• Action item: Set down, exactly as written, every line from the one containing "this 1814×1209 image." through the end of the listing.

• Dataset excerpts:
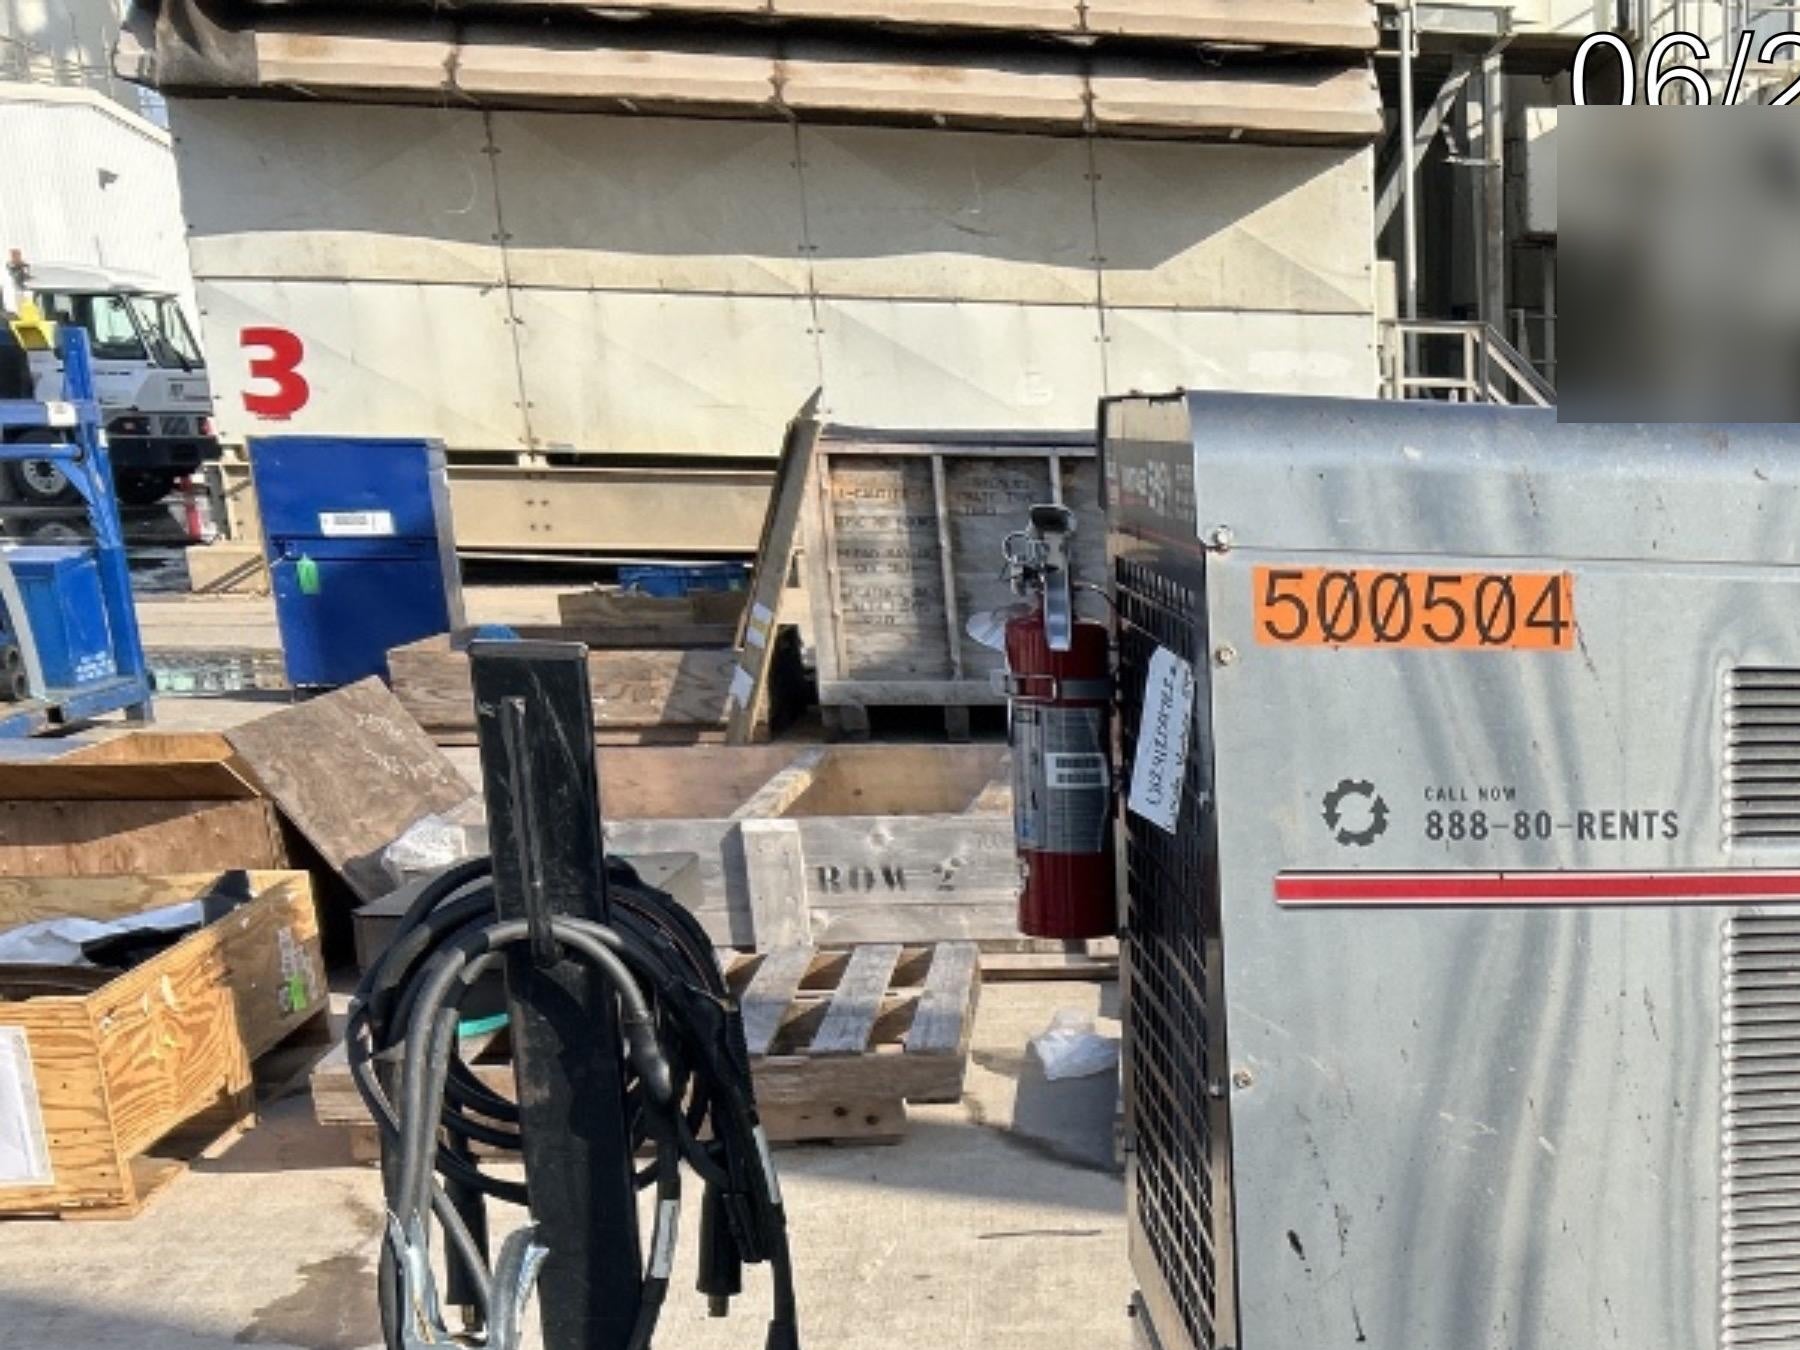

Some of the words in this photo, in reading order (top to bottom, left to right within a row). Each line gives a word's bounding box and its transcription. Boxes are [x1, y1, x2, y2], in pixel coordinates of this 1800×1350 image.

[240, 327, 309, 421] 3
[1264, 569, 1570, 645] 500504
[1424, 786, 1468, 801] CALL
[1478, 786, 1517, 801] NOW
[1425, 809, 1680, 841] 888-80-RENTS
[816, 865, 906, 893] ROW
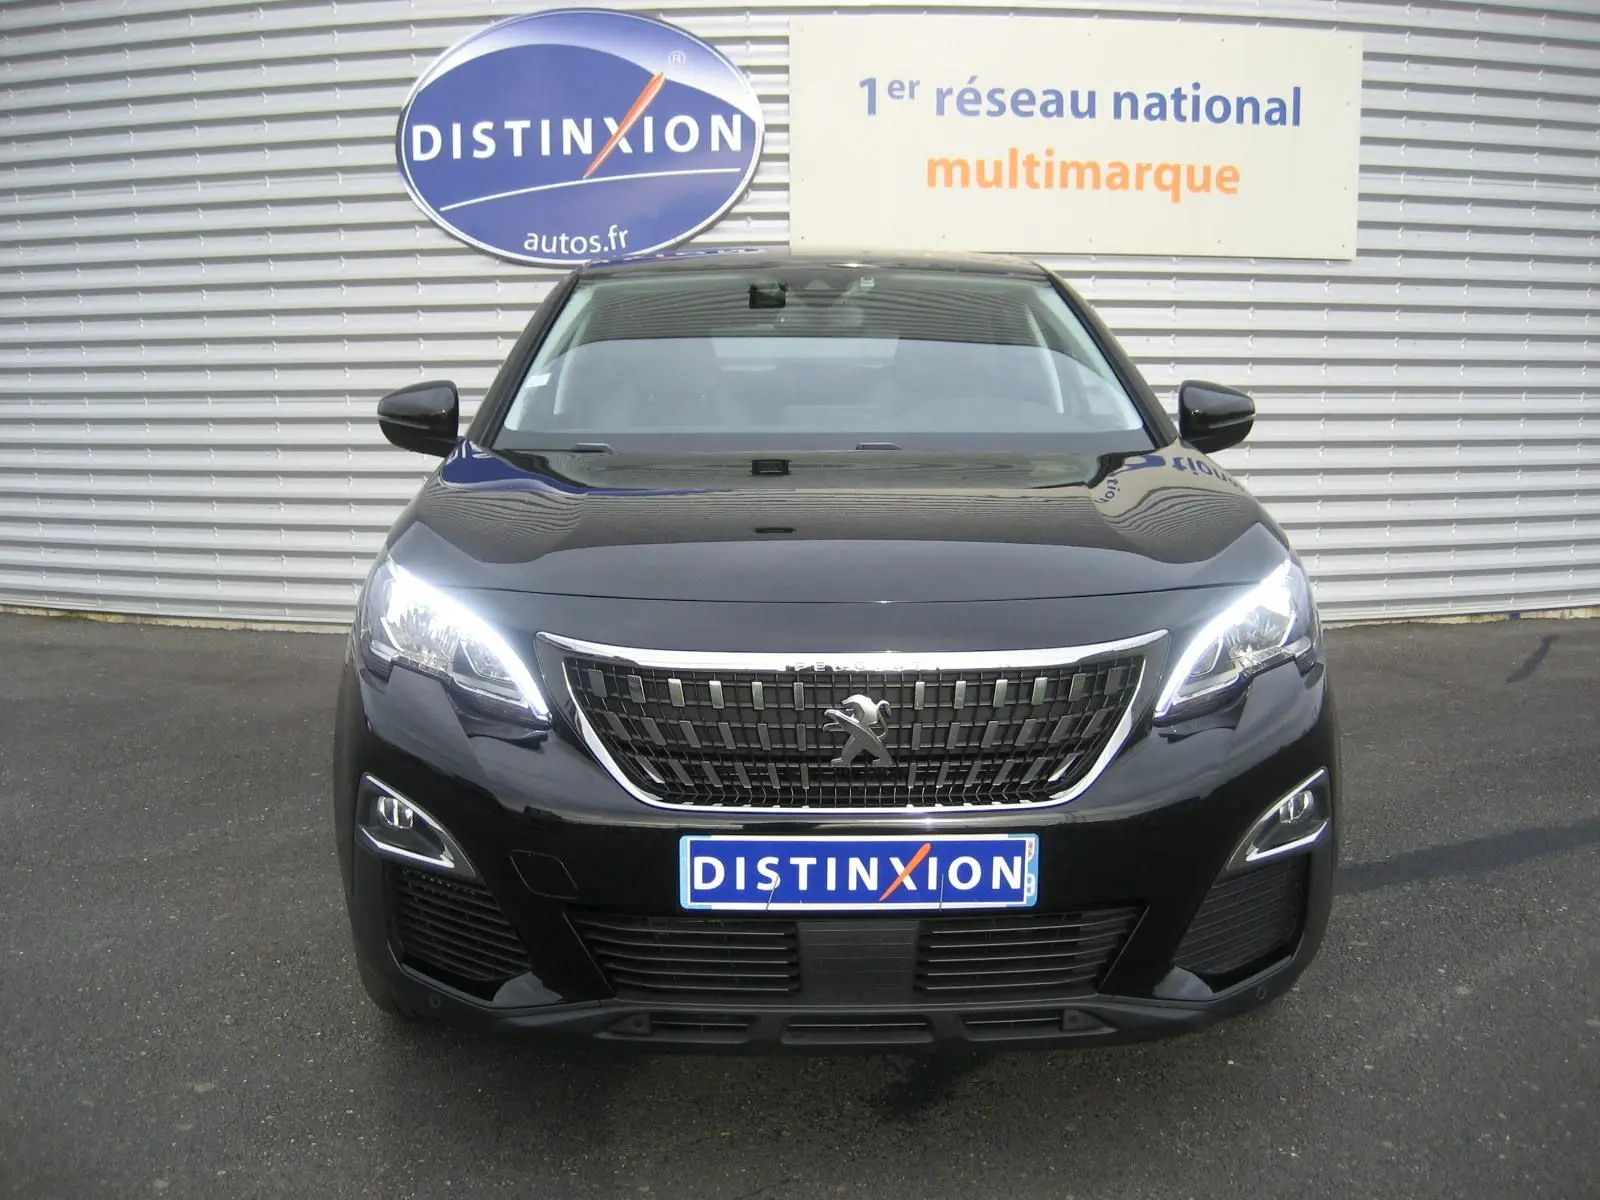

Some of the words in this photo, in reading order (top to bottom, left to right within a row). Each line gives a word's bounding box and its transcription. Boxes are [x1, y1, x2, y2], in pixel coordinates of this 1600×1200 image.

[859, 76, 921, 116] 1er
[935, 76, 1097, 119] réseau
[1113, 82, 1301, 126] national
[927, 148, 1240, 203] multimarque
[524, 225, 628, 254] autos.fr
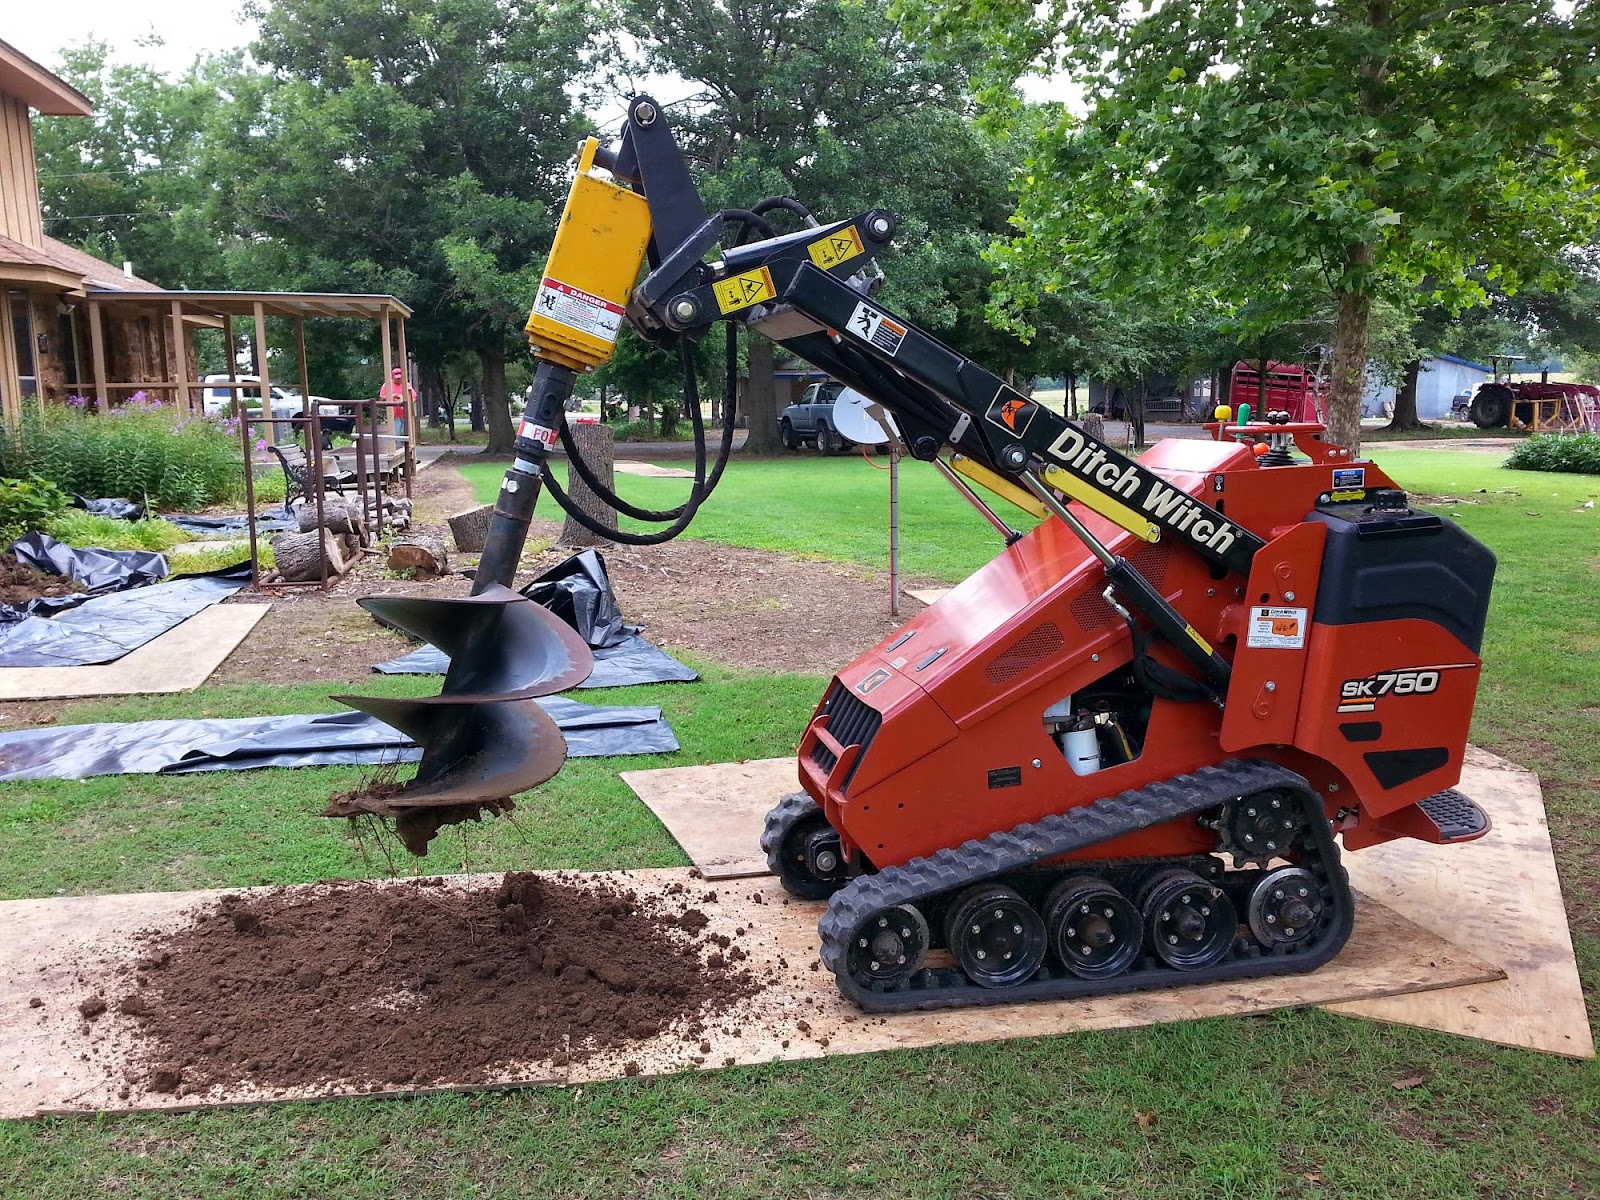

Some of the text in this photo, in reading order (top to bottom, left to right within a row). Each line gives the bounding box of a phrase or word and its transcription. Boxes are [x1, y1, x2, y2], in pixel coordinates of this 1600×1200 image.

[570, 289, 608, 309] DANGER
[1047, 427, 1235, 555] Ditch Witch
[1342, 672, 1439, 697] SK750
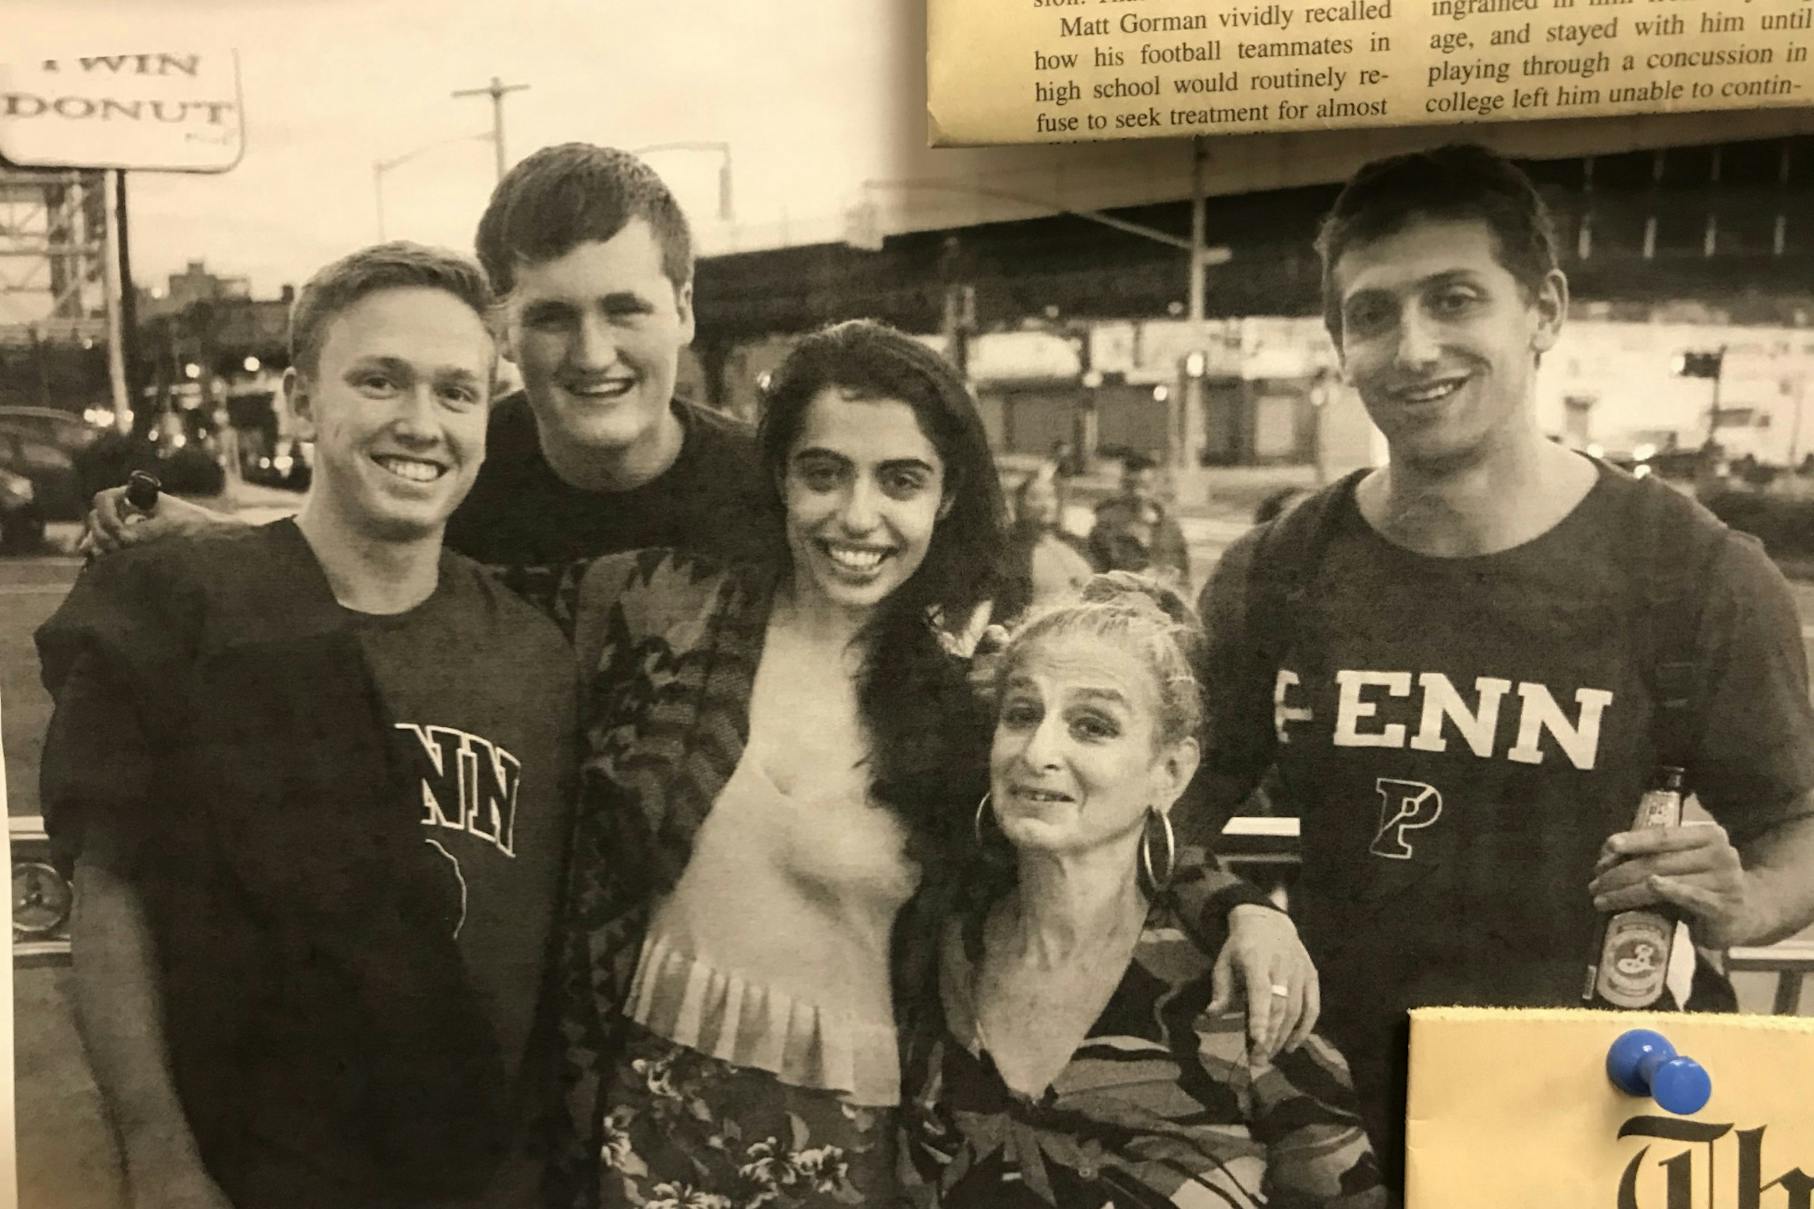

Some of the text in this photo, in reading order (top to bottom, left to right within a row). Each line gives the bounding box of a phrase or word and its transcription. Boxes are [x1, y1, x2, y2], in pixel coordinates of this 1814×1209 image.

[1060, 0, 1392, 37] Matt Gorman vividly recalled
[1430, 8, 1812, 54] age, and stayed with him until
[1034, 33, 1391, 70] how his football teammates in
[1427, 42, 1807, 87] playing through a concussion in
[1035, 67, 1389, 106] high school would routinely re-
[1425, 75, 1802, 114] college left him unable to contin-
[2, 93, 235, 125] DONUT
[1037, 98, 1388, 132] fuse to seek treatment for almost

• Task output:
Some of the text in this photo, in reading order (top to bottom, left to right within a row). Each line gives the bounding box of a phrase or word and its transcription. Boxes are [x1, y1, x2, y2], in pixel coordinates of this 1814×1209 image.

[1060, 0, 1392, 37] Matt Gorman vividly recalled
[1430, 8, 1812, 54] age, and stayed with him until
[1034, 33, 1391, 70] how his football teammates in
[1427, 42, 1807, 87] playing through a concussion in
[1035, 67, 1389, 106] high school would routinely re-
[1425, 75, 1802, 114] college left him unable to contin-
[2, 93, 235, 125] DONUT
[1037, 98, 1388, 132] fuse to seek treatment for almost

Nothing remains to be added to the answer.